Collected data
⟨
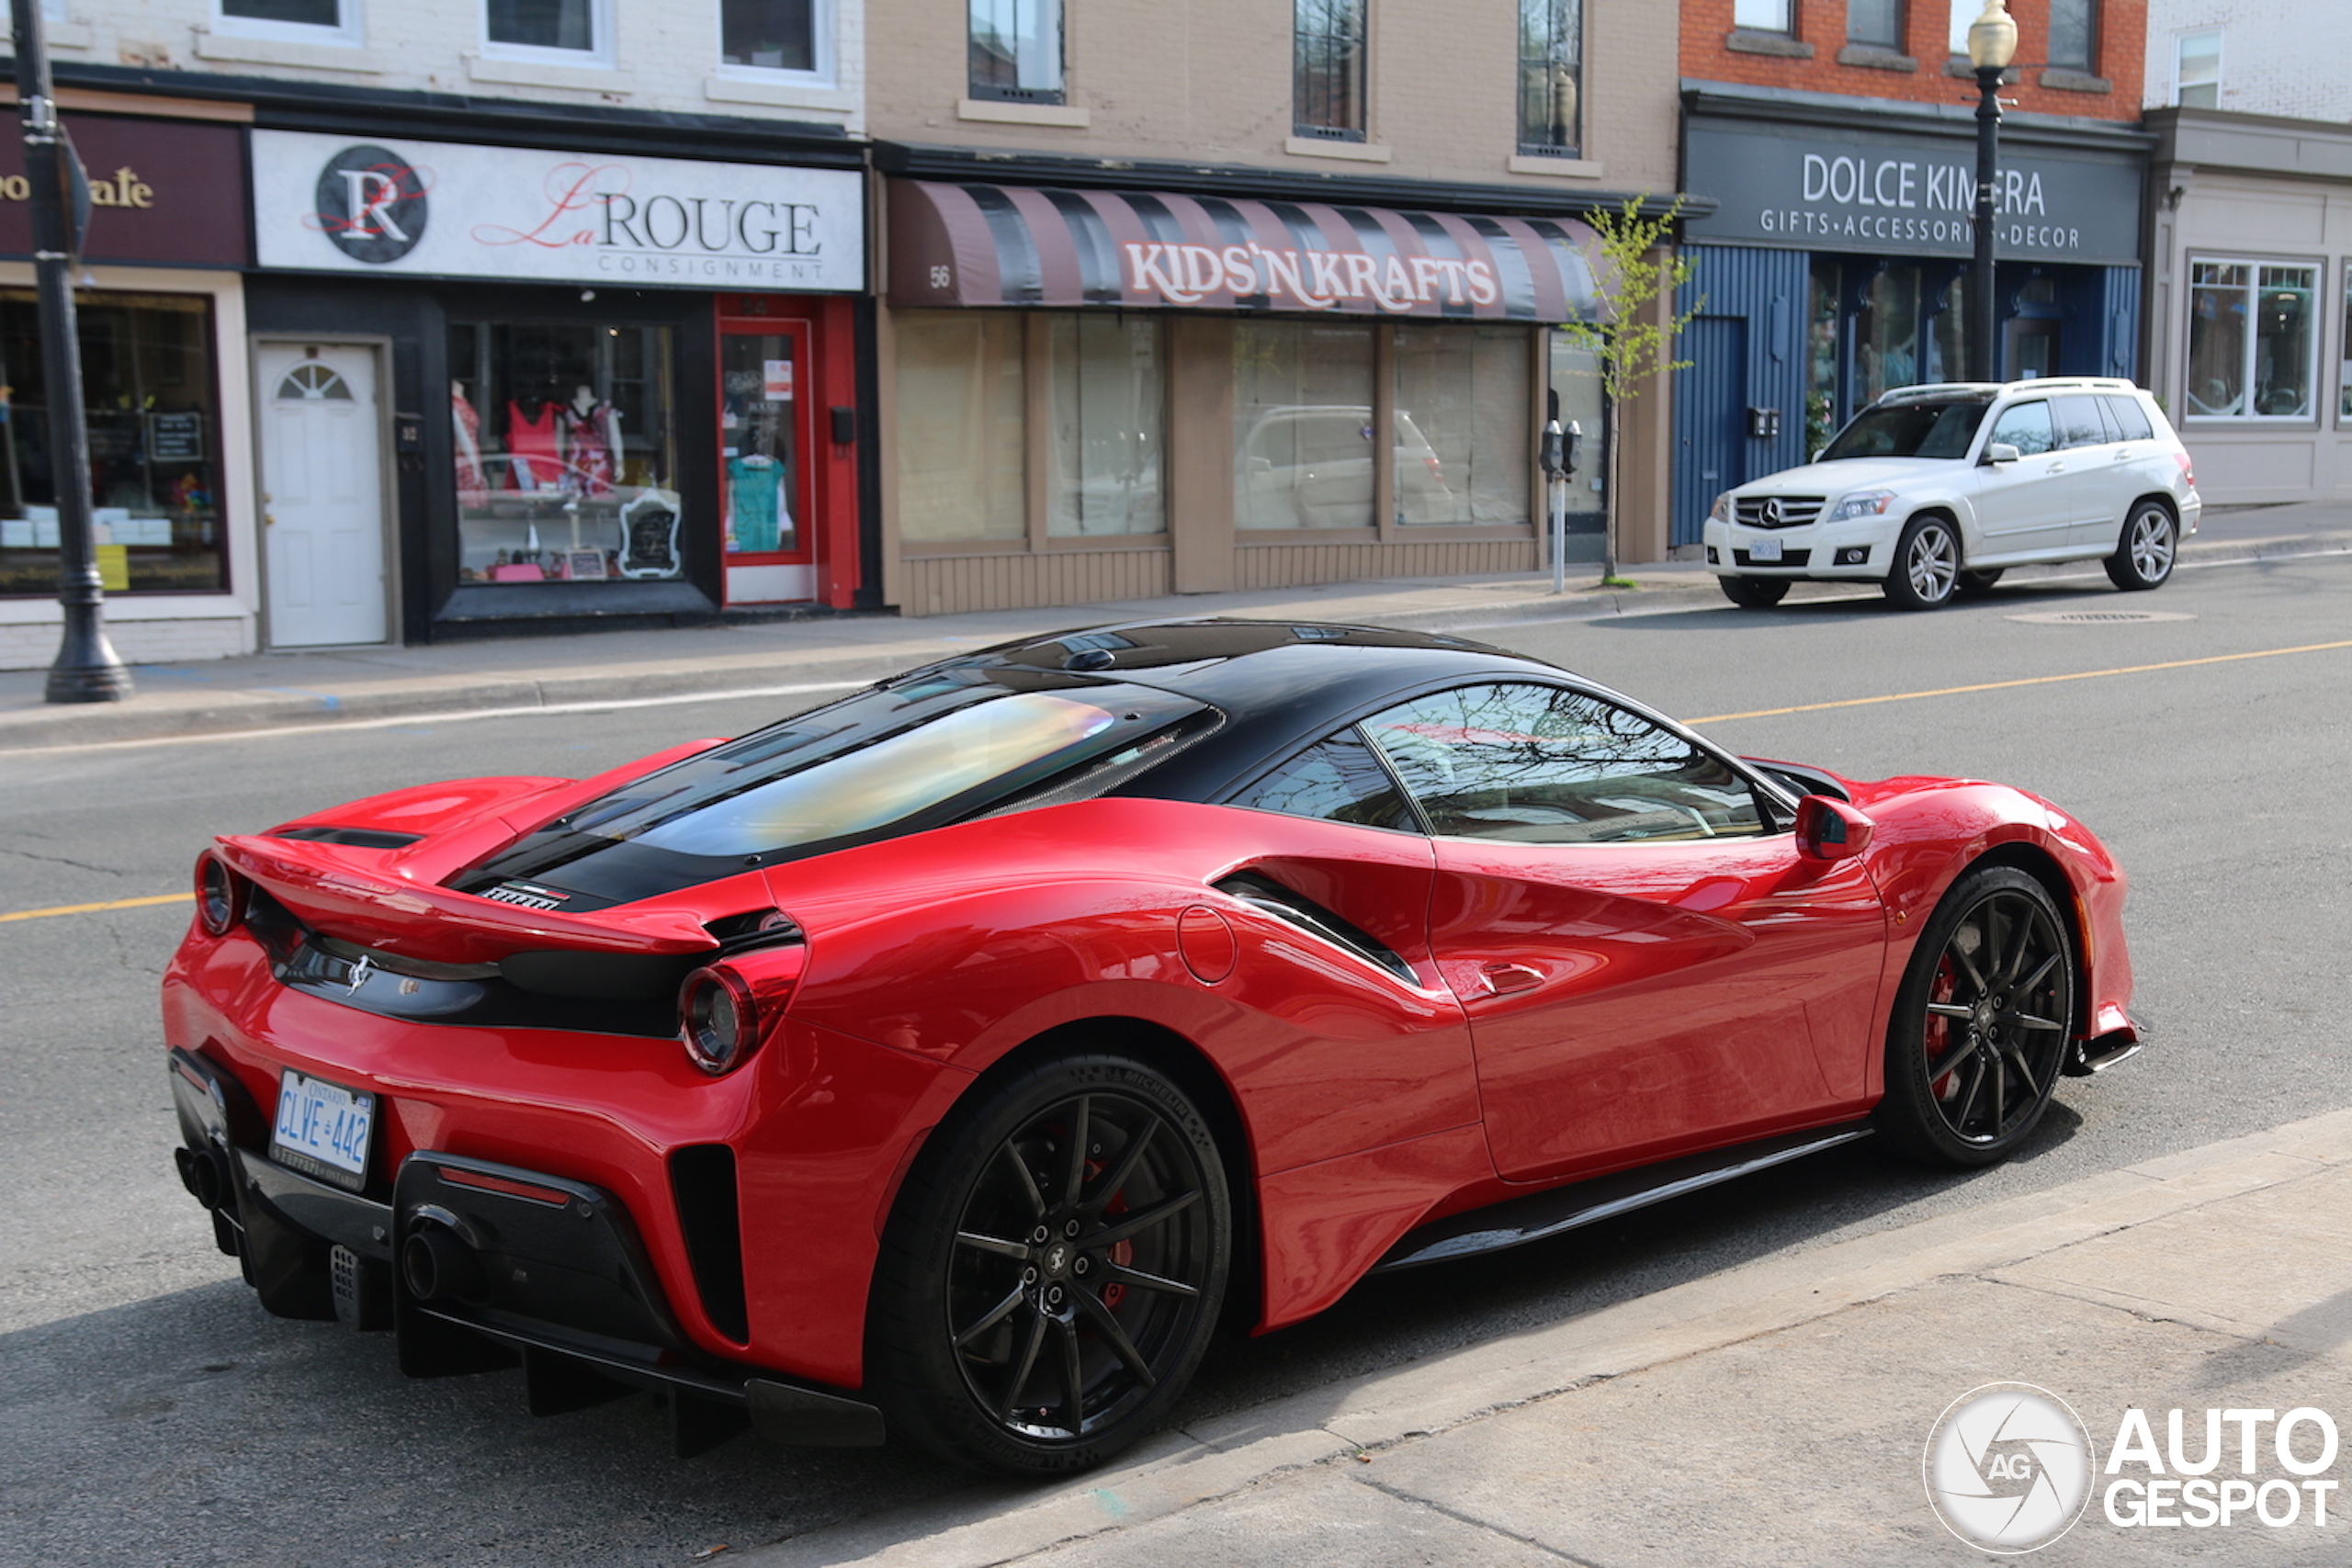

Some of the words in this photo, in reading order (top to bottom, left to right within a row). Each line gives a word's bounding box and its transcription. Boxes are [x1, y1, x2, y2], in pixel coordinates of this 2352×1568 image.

[1803, 153, 1917, 209] DOLCE
[469, 162, 633, 248] La
[594, 191, 822, 255] ROUGE
[1760, 209, 1829, 235] GIFTS
[1843, 214, 1973, 243] ACCESSORI
[2010, 224, 2080, 249] DECOR
[597, 255, 823, 278] CONSIGNMENT
[930, 265, 951, 288] 56
[1306, 250, 1497, 311] KRAFTS
[1122, 1067, 1190, 1119] MICHELIN
[332, 1109, 368, 1164] 442
⟩
* [TASK TO CARRY OUT]
The records above should be repeated exactly, with every picture omitted.

* [SOLUTION TO THE PROBLEM]
Some of the words in this photo, in reading order (top to bottom, left to right within a row). Each line gives a word's bounding box and its transcription. Boxes are [x1, y1, x2, y2], in pixel coordinates of this 2352×1568 image.

[1803, 153, 1917, 209] DOLCE
[469, 162, 633, 248] La
[594, 191, 822, 255] ROUGE
[1760, 209, 1829, 235] GIFTS
[1843, 214, 1973, 243] ACCESSORI
[2010, 224, 2080, 249] DECOR
[597, 255, 823, 278] CONSIGNMENT
[930, 265, 951, 288] 56
[1306, 250, 1497, 311] KRAFTS
[1122, 1067, 1190, 1119] MICHELIN
[332, 1109, 368, 1164] 442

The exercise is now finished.